TASK DIRECTIONS: Retype all of the entries precisely.

■ ■ ■ ■ ■ ■ ■

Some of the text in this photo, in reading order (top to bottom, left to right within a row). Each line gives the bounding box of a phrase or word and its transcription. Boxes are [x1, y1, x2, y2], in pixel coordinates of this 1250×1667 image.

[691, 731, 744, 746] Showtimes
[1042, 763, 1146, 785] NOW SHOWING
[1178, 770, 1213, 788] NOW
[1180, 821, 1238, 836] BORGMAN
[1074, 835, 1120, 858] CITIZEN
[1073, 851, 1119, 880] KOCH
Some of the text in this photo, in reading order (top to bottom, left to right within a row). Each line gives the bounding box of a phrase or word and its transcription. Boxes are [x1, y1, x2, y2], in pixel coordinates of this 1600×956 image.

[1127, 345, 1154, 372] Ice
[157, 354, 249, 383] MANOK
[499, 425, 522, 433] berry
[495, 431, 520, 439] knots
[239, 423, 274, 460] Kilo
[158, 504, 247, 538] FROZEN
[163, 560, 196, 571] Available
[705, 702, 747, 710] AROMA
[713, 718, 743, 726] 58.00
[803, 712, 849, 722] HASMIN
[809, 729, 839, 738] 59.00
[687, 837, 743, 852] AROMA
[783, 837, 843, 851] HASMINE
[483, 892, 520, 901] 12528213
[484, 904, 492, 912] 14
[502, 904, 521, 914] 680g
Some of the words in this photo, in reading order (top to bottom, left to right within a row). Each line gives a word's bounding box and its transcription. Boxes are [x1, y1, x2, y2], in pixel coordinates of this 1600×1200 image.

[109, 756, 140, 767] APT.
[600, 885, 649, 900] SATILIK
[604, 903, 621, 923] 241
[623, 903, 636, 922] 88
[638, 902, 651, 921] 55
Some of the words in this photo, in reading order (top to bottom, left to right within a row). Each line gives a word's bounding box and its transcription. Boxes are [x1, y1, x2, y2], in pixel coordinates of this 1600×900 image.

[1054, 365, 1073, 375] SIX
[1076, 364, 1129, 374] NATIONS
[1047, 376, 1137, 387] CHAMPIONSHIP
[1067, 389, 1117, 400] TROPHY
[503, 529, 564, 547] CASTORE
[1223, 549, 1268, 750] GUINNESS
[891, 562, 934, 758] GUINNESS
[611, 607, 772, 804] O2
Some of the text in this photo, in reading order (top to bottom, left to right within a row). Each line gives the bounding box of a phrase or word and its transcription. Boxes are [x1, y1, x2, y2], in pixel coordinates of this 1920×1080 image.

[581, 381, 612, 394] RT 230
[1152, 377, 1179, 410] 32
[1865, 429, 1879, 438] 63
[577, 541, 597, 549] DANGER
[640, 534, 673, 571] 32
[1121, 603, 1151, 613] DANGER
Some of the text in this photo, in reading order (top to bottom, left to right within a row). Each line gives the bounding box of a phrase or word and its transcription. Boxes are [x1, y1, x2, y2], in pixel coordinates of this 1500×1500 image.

■ ■ ■ ■ ■ ■ ■

RESULT OF THIS EXERCISE:
Some of the text in this photo, in reading order (top to bottom, left to right within a row). Each line gives the bounding box of a phrase or word and its transcription. Boxes are [x1, y1, x2, y2], in pixel coordinates of this 1250×1667 image.

[691, 731, 744, 746] Showtimes
[1042, 763, 1146, 785] NOW SHOWING
[1178, 770, 1213, 788] NOW
[1180, 821, 1238, 836] BORGMAN
[1074, 835, 1120, 858] CITIZEN
[1073, 851, 1119, 880] KOCH
Some of the text in this photo, in reading order (top to bottom, left to right within a row). Each line gives the bounding box of a phrase or word and its transcription. Boxes are [x1, y1, x2, y2], in pixel coordinates of this 1600×956 image.

[1127, 345, 1154, 372] Ice
[157, 354, 249, 383] MANOK
[499, 425, 522, 433] berry
[495, 431, 520, 439] knots
[239, 423, 274, 460] Kilo
[158, 504, 247, 538] FROZEN
[163, 560, 196, 571] Available
[705, 702, 747, 710] AROMA
[713, 718, 743, 726] 58.00
[803, 712, 849, 722] HASMIN
[809, 729, 839, 738] 59.00
[687, 837, 743, 852] AROMA
[783, 837, 843, 851] HASMINE
[483, 892, 520, 901] 12528213
[484, 904, 492, 912] 14
[502, 904, 521, 914] 680g
Some of the words in this photo, in reading order (top to bottom, left to right within a row). Each line gives a word's bounding box and its transcription. Boxes are [x1, y1, x2, y2], in pixel coordinates of this 1600×1200 image.

[109, 756, 140, 767] APT.
[600, 885, 649, 900] SATILIK
[604, 903, 621, 923] 241
[623, 903, 636, 922] 88
[638, 902, 651, 921] 55
Some of the words in this photo, in reading order (top to bottom, left to right within a row). Each line gives a word's bounding box and its transcription. Boxes are [x1, y1, x2, y2], in pixel coordinates of this 1600×900 image.

[1054, 365, 1073, 375] SIX
[1076, 364, 1129, 374] NATIONS
[1047, 376, 1137, 387] CHAMPIONSHIP
[1067, 389, 1117, 400] TROPHY
[503, 529, 564, 547] CASTORE
[1223, 549, 1268, 750] GUINNESS
[891, 562, 934, 758] GUINNESS
[611, 607, 772, 804] O2
Some of the text in this photo, in reading order (top to bottom, left to right within a row). Each line gives the bounding box of a phrase or word and its transcription. Boxes are [x1, y1, x2, y2], in pixel coordinates of this 1920×1080 image.

[581, 381, 612, 394] RT 230
[1152, 377, 1179, 410] 32
[1865, 429, 1879, 438] 63
[577, 541, 597, 549] DANGER
[640, 534, 673, 571] 32
[1121, 603, 1151, 613] DANGER
Some of the text in this photo, in reading order (top to bottom, left to right within a row). Each line gives the bounding box of a phrase or word and its transcription. Boxes are [x1, y1, x2, y2], in pixel coordinates of this 1500×1500 image.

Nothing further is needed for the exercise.